The results from the low-dose sinogram are in Fig. 6. It can be observed that there is strong noise in the FBP reconstruction image in Fig. 6(b) and the steak artifacts exist near the highly attenuating structures. ASD-POCS could remove most of the noise and artifacts, but the blocky effect also raised and blurred some important structures. BM3D and CNN-based method (CNN200-1) suppressed the noise better than KSVD that gave steak artifacts in Fig. 6(d) and 6(e). Three regions indicated by the red arrows are examples where the CNN-based method achieved the best results. Figure 7 shows the differences between the low-dose FBP image and the counterparts obtained using the other methods, which serves as a supplement evidence for the structural preservation of the CNN-based method. Little artifacts can be seen in Fig. 7(d), which means that little structure information was lost.
4. Discussions and conclusion
Deep learning has achieved exciting results in the fields of computer vision and image processing, such as image segmentation, object detection, object tracking, image supper-resolution, etc. In medical imaging, deep learning has been so far applied in image analysis such as, segmentation and detection, and its potential for other applications has to be widely explored.
In this paper, a deep convolution neural network is presented to denoise images for low-dose CT. The proposed method learns a feature mapping from low- to normal-dose images. After the training stage, our method has achieved a competitive performance relative to the state-of-the-art methods in both qualitative and quantitative aspects. We have also assessed several factors for performance tradeoffs, suggesting the robustness of the proposed method at different noise levels and with respect to various training steps including the size of the training set. It is hypothesized that use of a deeper network with a larger capacity may further improve the performance, which we will investigate in the future.

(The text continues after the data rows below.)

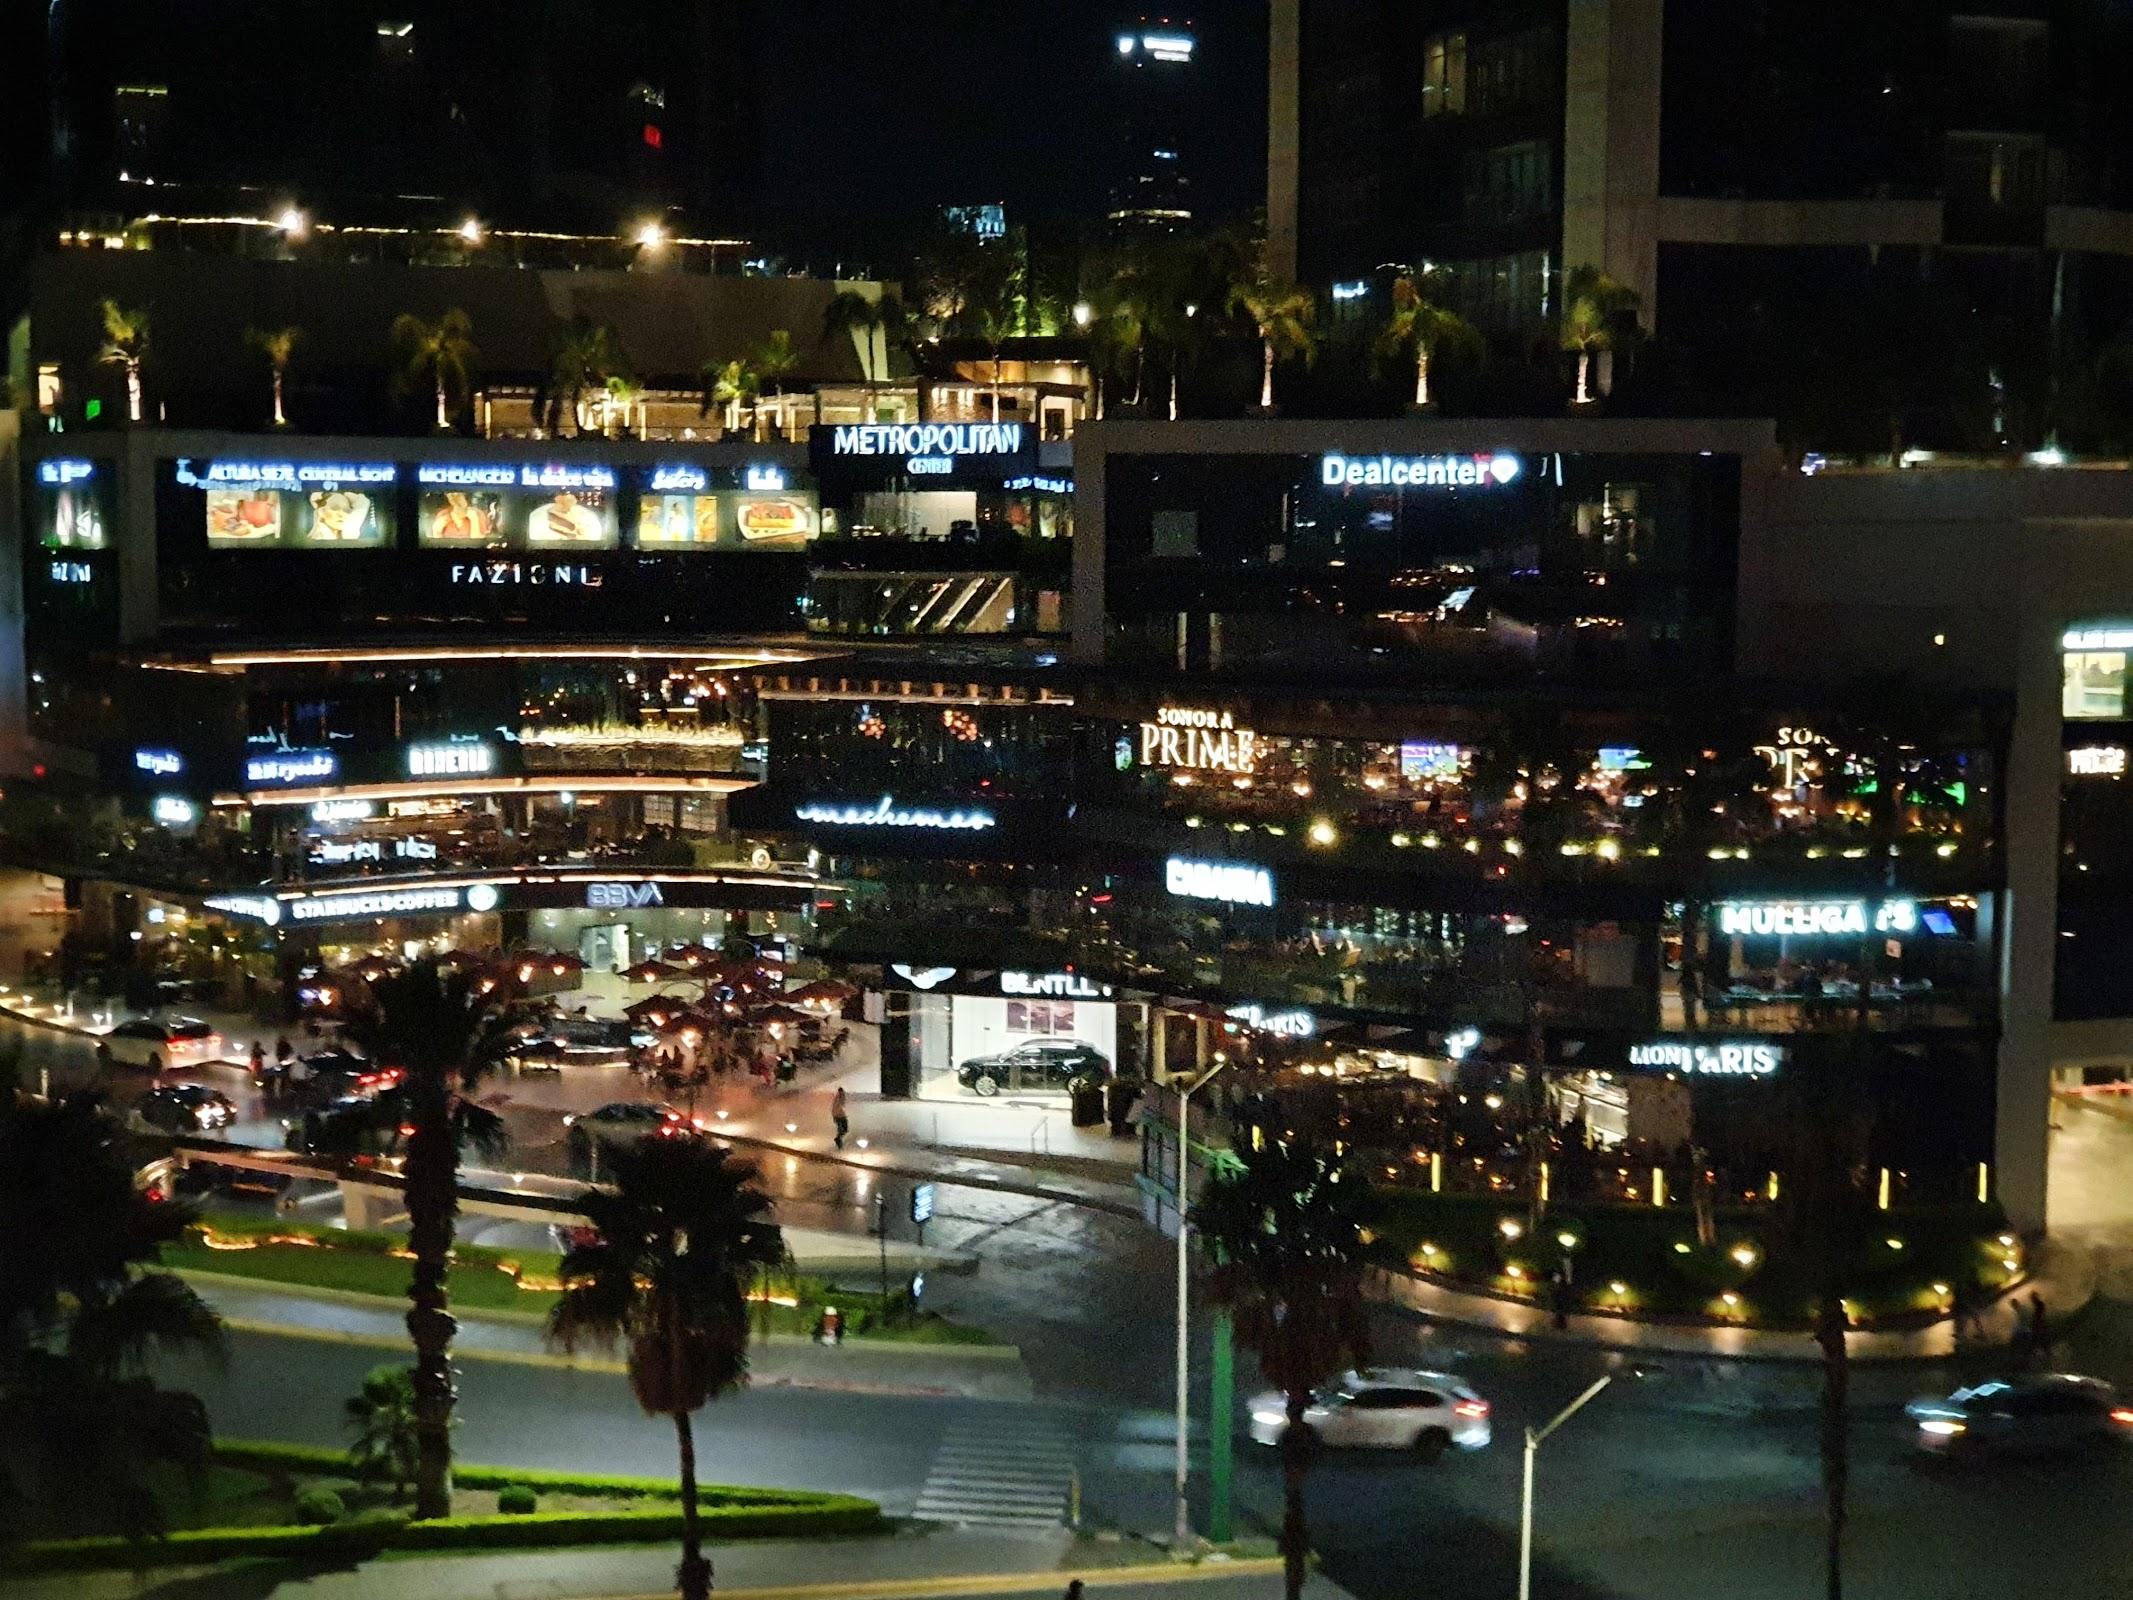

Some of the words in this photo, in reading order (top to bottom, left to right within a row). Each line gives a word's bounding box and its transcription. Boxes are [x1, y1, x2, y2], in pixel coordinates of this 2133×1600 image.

[834, 424, 1020, 454] METROPOLITAN
[1322, 455, 1490, 485] Dealcenter
[1157, 707, 1234, 730] SONORA
[1139, 722, 1255, 774] PRIME
[587, 881, 664, 908] BBVA
[1001, 971, 1112, 997] BENTLE

Operating on 3D blocks should be an effective way to improve the performance of the proposed method. However, the goal of this initial paper is to demonstrate the effectiveness of deep learning. For this reason, operating on 2D patches is easier to implement and compare with other representative low-dose CT denoising methods, most of which were originally designed for 2D images. Clearly, training with 3D blocks will cost much more computational time, which will be pursued in our future work.

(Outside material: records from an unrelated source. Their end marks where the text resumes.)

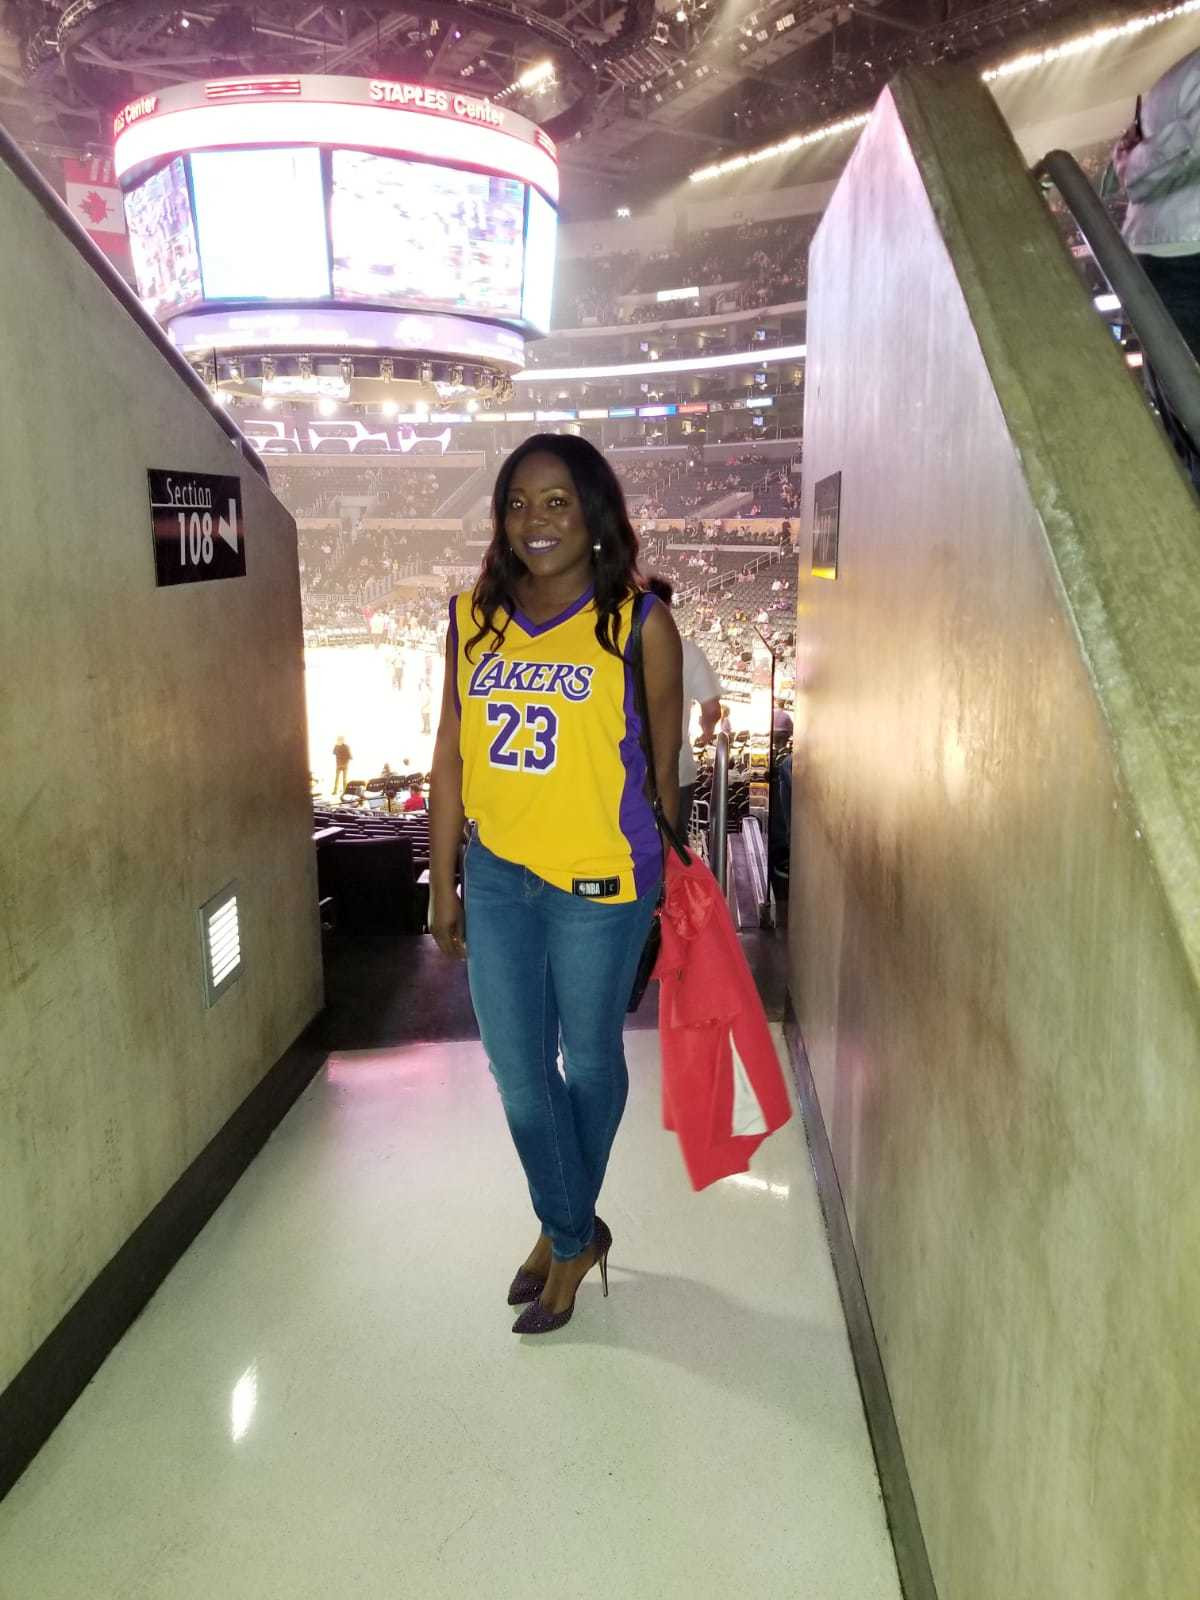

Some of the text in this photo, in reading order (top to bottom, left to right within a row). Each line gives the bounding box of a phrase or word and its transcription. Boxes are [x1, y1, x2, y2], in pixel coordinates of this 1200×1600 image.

[368, 80, 504, 125] STAPLES Center
[166, 477, 212, 506] Section
[178, 511, 214, 566] 108
[468, 652, 595, 702] LAKERS
[486, 701, 559, 775] 23
[585, 882, 601, 895] NBA

The computational cost of the proposed CNN based method needs to be commented on as well. The main cost of computational time is spent on the training stage. Although the training is normally done on GPU, it is still time-consuming. For a smaller training set with 200 images, about 106 patches were involved, and it took us 17 hours. For a larger training set with 2,000 images, about 107 patches were involved and 56 hours were spent. Other iterative methods do not need a training phase, but the execution time is much longer than the CNN based method. In this study, the average execution times (CPU mode) for ASD-POCS, KSVD, BM3D and CNN were 23.79, 40.88, 3.33 and 2.05 seconds respectively. Actually, once the network is trained offline, the CNN based method is much more efficient than the other methods in terms of real execution time.
In conclusion, we have been much encouraged by the excellent performance of the deep convolutional neural network approach in the case of noise reduction for low-dose CT. The results have demonstrated the potential of the CNN-based method for medical imaging. In the future, the proposed network structure will be refined, and adapted to handle other topics in CT imaging, such as few-view reconstruction, metal artifact reduction, and interior CT. Another possible direction is to investigate different hyper parameters of the network, especially the number of layers, and other network architectures to deal with these CT problems and other imaging tasks.
Funding
National Natural Science Foundation of China (NSFC) (61202160, 61302028, 61671312); National Institute of Biomedical Imaging and Bioengineering (NIBIB)/National Institutes of Health (NIH) (R01 EB016977, U01 EB017140).
References and links
- 1.Berrington de González A., Darby S., “Risk of cancer from diagnostic X-rays: Estimates for the UK and 14 other countries,” Lancet 363(9406), 345–351 (2004). 10.1016/S0140-6736(04)15433-0 [DOI] [PubMed] [Google Scholar]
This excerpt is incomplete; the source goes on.